Copy only the lines from the one containing "this 1303×1737 image." through the final line of the records below, exactly as written, with no pictures.

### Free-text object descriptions
▬▬▬▬▬▬
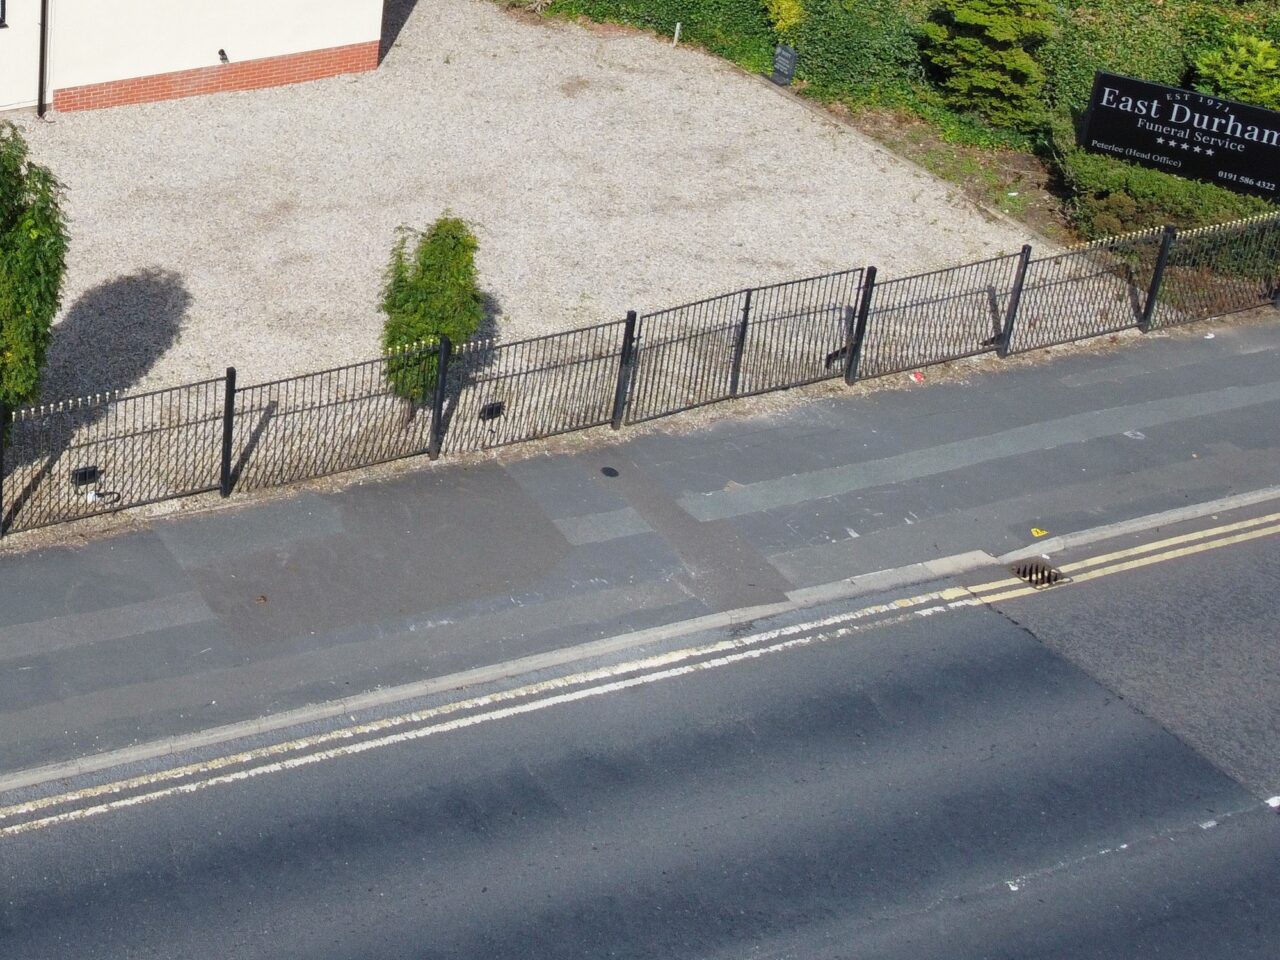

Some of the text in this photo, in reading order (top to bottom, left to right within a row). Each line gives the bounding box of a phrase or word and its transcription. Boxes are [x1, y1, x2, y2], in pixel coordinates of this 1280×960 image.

[1100, 87, 1161, 118] East
[1166, 93, 1229, 112] EST 1971
[1137, 118, 1245, 152] Funeral Service
[1091, 140, 1182, 168] Peterlee (Head Office)
[1218, 170, 1276, 191] 0191 586 4322
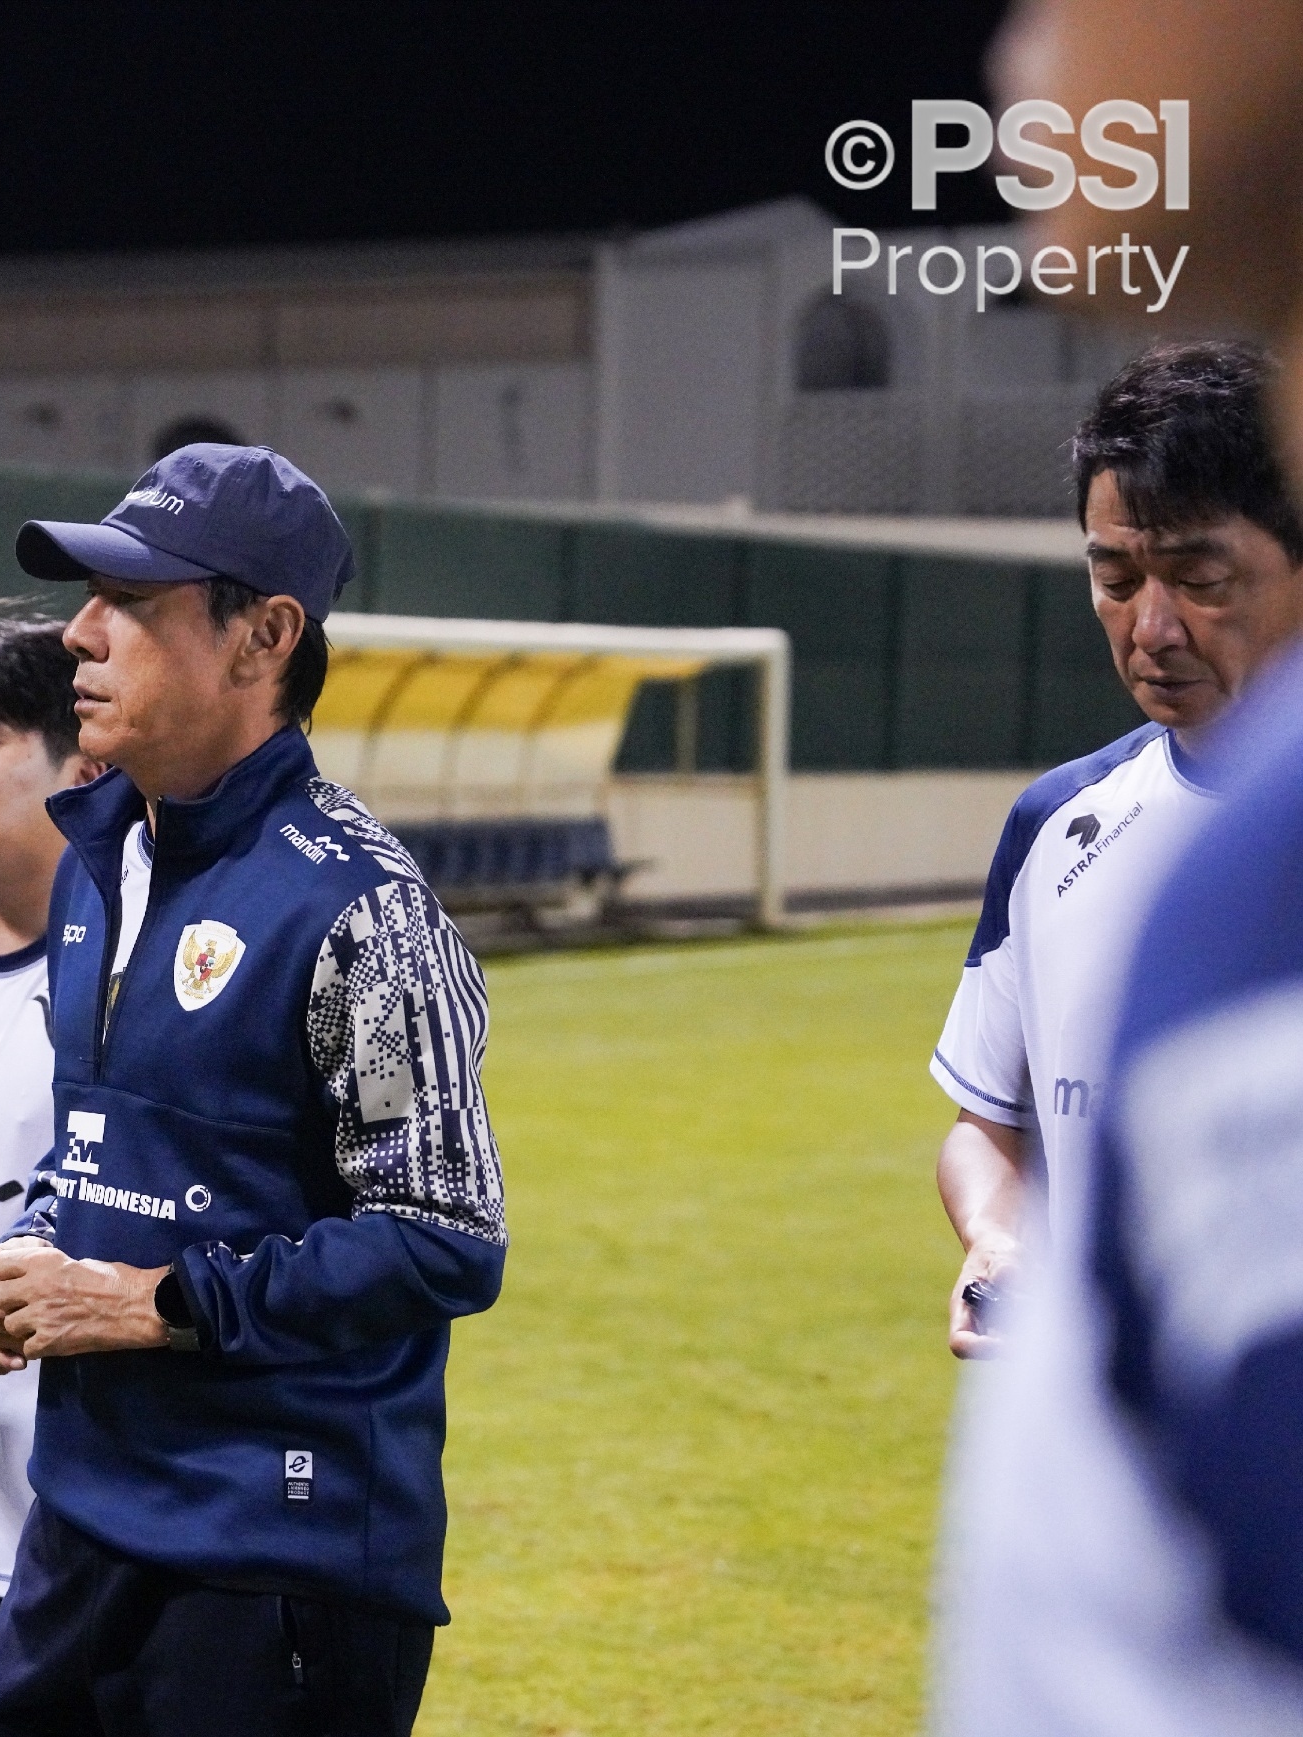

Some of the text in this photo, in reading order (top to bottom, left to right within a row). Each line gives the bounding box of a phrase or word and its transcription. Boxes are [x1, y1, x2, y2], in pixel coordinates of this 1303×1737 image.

[279, 823, 328, 865] mandiri
[1056, 801, 1144, 898] ASTRA Financial
[62, 924, 87, 947] spo
[78, 1176, 176, 1221] INDONESIA
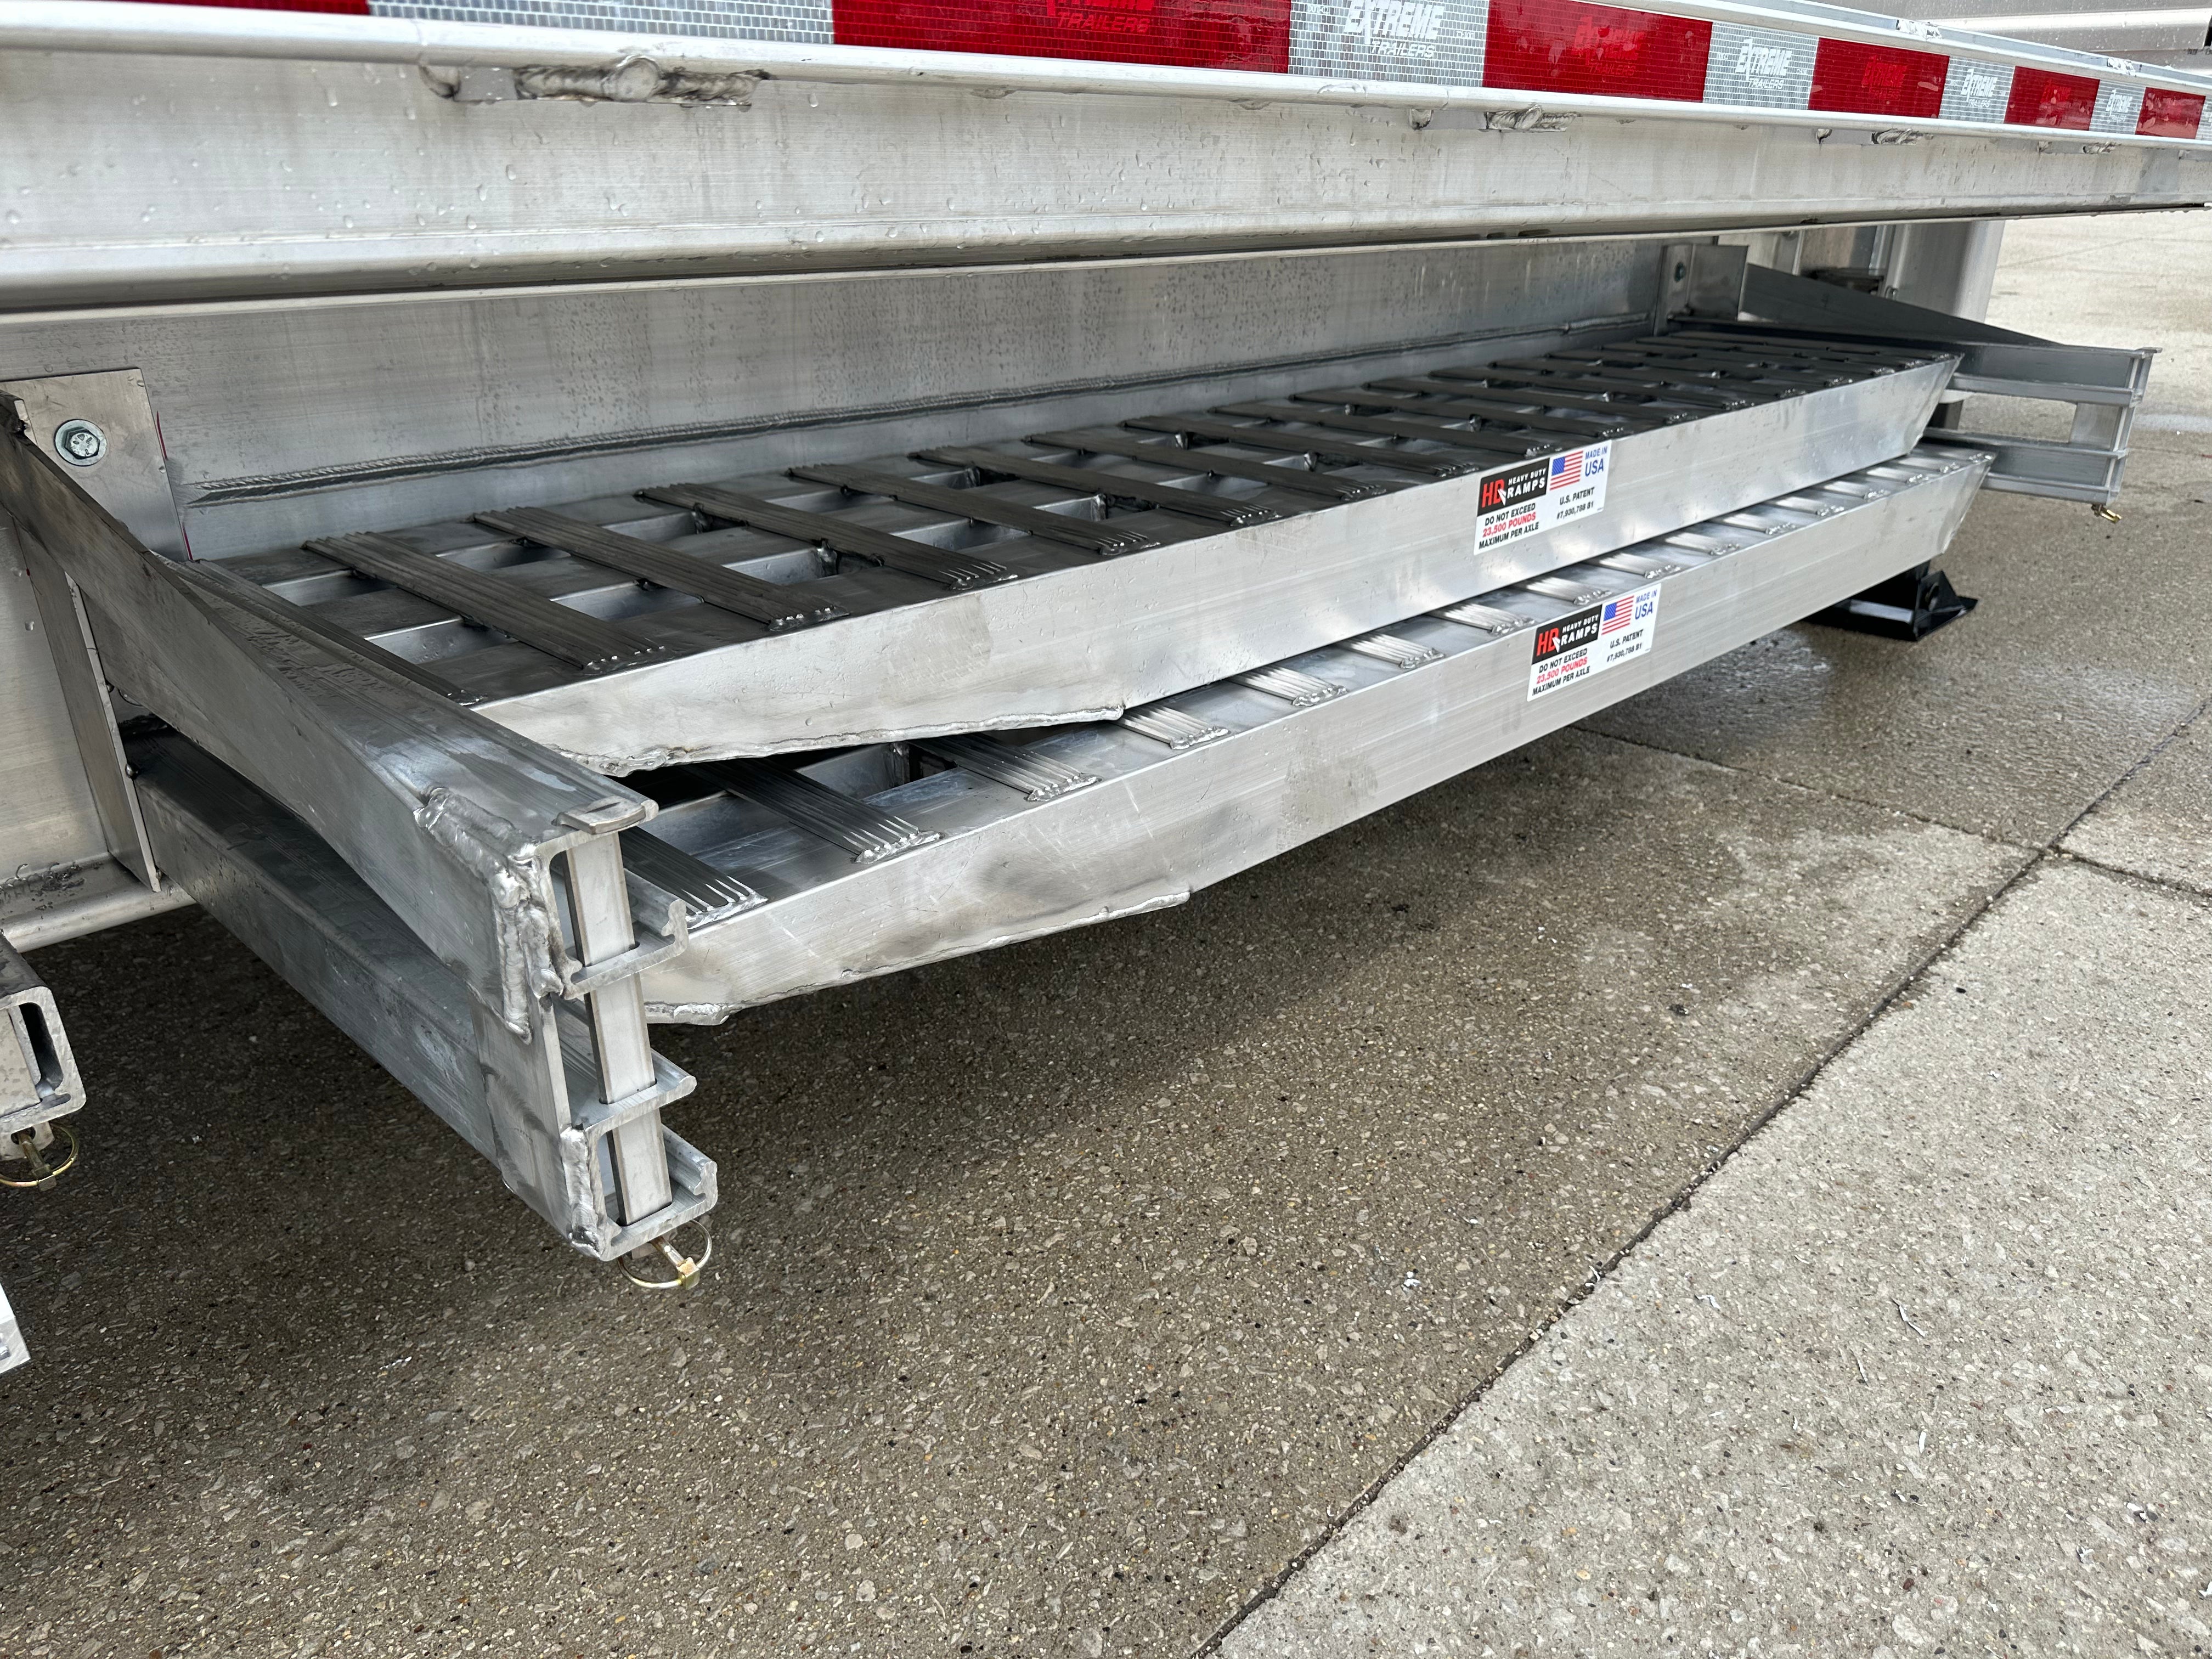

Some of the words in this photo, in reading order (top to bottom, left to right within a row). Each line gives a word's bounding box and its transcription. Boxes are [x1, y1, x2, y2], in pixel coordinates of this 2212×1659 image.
▬▬▬▬▬▬
### OUTPUT FOR THIS EXERCISE
Some of the text in this photo, in reading order (top to bottom, left to right within a row). Each line gives the bounding box of a phrase or word and its transcription. Boxes are [x1, y1, x2, y2], in pixel coordinates of this 1303×1737 image.

[279, 823, 328, 865] mandiri
[1056, 801, 1144, 898] ASTRA Financial
[62, 924, 87, 947] spo
[78, 1176, 176, 1221] INDONESIA

Some of the words in this photo, in reading order (top to bottom, left to right within a row). Each line gives a word's bounding box and its transcription. Boxes are [x1, y1, x2, y2], in pixel coordinates of this 2212×1659 image.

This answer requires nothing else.